In 1958 I was the Social Secretary of The Parochial Church Council of St. John’s,
Caterham Valley. The then vicar, Rev. Geoffrey Longsdon, told me that I had to
attend the newly created Carnival Committee to represent the church. The first
meeting was held in the autumn of 1958 in the room above the St. John Ambulance
Station in Timber Hill Road.

The meeting had been convened by Mrs Muriel Simpson (subsequently Councillor
Simpson) and, as far as I can remember, the other members were Coun. John Grainger,
who became Chairman, Frank Green, manager of the (then) National Provincial Bank,
who became Treasurer, Coun. Bob Gearing, Mr. Gil Powell (the chemist and member of
Caterham Round Table), Mr. Harry Kerridge (then conductor of the Community Choir)
and Mr Trevor Jones. Mrs Simpson became the Secretary. We met every month from
October to May to plan the following year’s Carnival, usually on the second
Saturday in June. There was a meeting in September to which the recipients of
the current year’s donations were invited.

Later on it was felt that there should be more self-help by the local organisations
supported and they were invited to send a representative to join the committee or
at least run a stall on Westway.

The date of the Carnival was arranged to fit in with the Brigade of Guards at the
Barracks as they always provided a band or gymnastic display.

The first idea to raise funds and have an occasion at which to crown the Carnival
Queen and appoint her two attendants was to have a fashion show. I think this was
put on by Kerry’s of Croydon Road and was held in the ballroom of the (then) Valley
Hotel – now part of Church Walk Shopping Centre. I believe the format of the
evening was to have some fashion displays, then the Carnival Queen competition –
for which we arranged a panel of judges – then some more fashion before the results
of the competition were announced. The winner of the competition was Carnival
Queen for the year, during which she would probably be invited to attend other
local events, and the two runners-up would be her attendants on the day. After the
first year the previous year’s Queen always crowned her successor.

In later years another pre-Carnival event was a Darts Competition between teams
from local pubs and other organisations and businesses. This was first held in the
Youth Centre in Godstone Road, Caterham, but subsequently moved to the Community

It was felt that we needed something else to boost the event as well as the
Carnival procession so we invited Botton Brothers to bring their Fair for the
Carnival weekend and give us a donation.

We had to arrange for the stalls to be manned and Bob Gearing supplied some
sideshows from his own stock. There was also the catering and we had to arrange
arena events. I think our top event – at least in my time – would have been the
visit of a helicopter from R.A.F. Thorney Island but, on the Friday, the day before
the Carnival, their spare aircraft became unserviceable so the one that had been
earmarked to come to us had to remain on standby.

At the time I was working for Lloyd’s Insurance Brokers in the City so became
responsible for the Carnival Insurances (including cancelling the special one we
had to take out for the helicopter).
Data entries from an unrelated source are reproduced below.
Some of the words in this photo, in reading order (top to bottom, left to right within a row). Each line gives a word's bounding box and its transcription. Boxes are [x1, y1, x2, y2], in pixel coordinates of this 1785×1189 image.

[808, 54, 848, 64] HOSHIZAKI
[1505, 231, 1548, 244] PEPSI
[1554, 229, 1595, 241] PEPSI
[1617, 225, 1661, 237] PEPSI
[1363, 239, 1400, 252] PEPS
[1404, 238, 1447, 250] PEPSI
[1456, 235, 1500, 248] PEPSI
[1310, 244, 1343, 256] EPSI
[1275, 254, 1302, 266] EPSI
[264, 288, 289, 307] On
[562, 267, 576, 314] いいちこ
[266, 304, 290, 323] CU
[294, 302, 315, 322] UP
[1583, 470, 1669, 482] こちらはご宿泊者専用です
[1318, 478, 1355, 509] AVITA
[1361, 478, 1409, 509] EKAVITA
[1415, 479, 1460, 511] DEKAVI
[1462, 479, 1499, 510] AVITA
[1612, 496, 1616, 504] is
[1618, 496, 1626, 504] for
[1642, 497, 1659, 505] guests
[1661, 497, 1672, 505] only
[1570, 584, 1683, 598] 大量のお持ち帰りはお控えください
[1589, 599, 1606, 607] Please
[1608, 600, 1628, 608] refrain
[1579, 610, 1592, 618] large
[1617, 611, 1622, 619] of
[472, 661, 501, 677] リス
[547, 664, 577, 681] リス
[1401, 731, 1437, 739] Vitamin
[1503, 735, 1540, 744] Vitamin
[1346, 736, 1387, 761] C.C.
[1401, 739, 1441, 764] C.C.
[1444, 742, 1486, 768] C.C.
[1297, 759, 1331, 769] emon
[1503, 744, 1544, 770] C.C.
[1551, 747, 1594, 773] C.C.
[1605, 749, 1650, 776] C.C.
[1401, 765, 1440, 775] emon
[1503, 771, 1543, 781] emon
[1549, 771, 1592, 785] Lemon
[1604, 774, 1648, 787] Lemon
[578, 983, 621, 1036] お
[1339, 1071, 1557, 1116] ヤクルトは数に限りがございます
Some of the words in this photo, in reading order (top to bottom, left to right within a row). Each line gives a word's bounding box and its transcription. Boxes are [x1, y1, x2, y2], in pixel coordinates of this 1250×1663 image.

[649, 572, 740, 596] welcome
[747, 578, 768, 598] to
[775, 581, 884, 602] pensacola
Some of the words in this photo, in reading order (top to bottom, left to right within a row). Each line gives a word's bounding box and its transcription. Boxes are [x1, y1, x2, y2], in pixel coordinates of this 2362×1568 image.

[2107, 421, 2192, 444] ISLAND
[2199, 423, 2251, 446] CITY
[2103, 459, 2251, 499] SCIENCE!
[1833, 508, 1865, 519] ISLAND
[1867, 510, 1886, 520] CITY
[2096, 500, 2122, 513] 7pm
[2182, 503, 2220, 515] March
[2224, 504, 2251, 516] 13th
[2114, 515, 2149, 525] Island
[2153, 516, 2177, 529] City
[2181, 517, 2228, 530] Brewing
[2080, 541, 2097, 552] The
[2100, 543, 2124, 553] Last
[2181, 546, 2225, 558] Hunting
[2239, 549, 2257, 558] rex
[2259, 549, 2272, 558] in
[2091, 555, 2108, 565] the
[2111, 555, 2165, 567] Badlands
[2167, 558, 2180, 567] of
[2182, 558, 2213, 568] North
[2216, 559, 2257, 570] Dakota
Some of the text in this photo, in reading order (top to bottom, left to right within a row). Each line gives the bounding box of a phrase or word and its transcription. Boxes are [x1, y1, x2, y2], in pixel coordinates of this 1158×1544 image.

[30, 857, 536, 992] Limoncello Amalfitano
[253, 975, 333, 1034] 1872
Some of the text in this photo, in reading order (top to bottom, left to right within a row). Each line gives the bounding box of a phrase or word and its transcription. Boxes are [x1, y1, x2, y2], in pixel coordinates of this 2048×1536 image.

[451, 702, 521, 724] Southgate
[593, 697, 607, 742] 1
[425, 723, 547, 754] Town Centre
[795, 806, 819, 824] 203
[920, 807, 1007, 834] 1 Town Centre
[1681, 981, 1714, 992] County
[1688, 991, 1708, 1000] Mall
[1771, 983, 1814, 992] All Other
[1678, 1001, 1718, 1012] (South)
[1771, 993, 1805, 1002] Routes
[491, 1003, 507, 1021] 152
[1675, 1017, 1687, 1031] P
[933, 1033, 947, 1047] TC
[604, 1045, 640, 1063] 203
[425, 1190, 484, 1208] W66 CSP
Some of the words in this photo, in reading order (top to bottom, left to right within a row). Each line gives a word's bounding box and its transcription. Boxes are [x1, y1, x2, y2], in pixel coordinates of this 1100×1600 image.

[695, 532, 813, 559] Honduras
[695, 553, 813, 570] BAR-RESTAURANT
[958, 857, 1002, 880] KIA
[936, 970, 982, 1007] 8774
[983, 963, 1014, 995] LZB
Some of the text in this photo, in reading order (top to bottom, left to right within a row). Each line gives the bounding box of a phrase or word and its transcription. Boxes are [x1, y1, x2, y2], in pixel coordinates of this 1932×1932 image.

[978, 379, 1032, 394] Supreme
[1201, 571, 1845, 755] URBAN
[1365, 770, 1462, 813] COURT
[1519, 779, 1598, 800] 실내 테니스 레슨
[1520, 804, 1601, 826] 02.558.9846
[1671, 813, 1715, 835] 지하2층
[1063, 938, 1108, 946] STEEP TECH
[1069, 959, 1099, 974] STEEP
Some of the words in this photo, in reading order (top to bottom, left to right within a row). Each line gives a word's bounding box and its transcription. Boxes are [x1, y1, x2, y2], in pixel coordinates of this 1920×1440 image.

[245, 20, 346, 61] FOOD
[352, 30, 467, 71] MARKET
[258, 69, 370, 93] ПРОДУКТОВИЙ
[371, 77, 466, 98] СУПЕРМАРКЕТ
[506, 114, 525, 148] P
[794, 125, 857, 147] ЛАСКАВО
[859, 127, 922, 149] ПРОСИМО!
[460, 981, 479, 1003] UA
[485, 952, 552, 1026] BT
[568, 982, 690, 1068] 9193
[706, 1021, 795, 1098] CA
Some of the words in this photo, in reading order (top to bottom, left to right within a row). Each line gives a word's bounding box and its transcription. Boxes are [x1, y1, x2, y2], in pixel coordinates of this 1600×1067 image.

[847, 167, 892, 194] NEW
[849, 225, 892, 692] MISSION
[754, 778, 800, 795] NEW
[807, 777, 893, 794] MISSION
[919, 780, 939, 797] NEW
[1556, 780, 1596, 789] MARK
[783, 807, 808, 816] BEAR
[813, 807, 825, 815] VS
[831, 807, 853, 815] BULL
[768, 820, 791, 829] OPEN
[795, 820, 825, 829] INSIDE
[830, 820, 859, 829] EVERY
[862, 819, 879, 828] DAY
This usually went smoothly and the Insurance
Company taking the main risks for the event also produced free posters for us.

The Carnival programme had to be printed and was distributed to such groups as
Scouts and Guides who could make a little for their funds by selling them door-to-
door in their area. Prizes were needed for the various winners in the Carnival
floats contest and for other competitions and we were all given an area to visit.
Our job was to see all the traders in the road to interest them in the Carnival and
to ask them to donate a prize. They were very generous and some gave cash, some
goods and others gave vouchers.

Then came the weekend of the Carnival and, being at work in the City, I was not
available until about 7 pm on the Friday evening. Tents and marquees had been
erected on Westway and I was usually involved in putting the pins and ropes around
the arena, setting up stalls and sideshows and generally helping where required.
This went on until about 10 pm when we were glad to go home.

On THE day we were up at Westway again by 9.30 am or so and were attending to last
minute things. Other organisations were arriving to set up their stalls and caterers
were arriving. I seem to recall that during the day we had to chase away several ice
cream vans that tried to sell without permission.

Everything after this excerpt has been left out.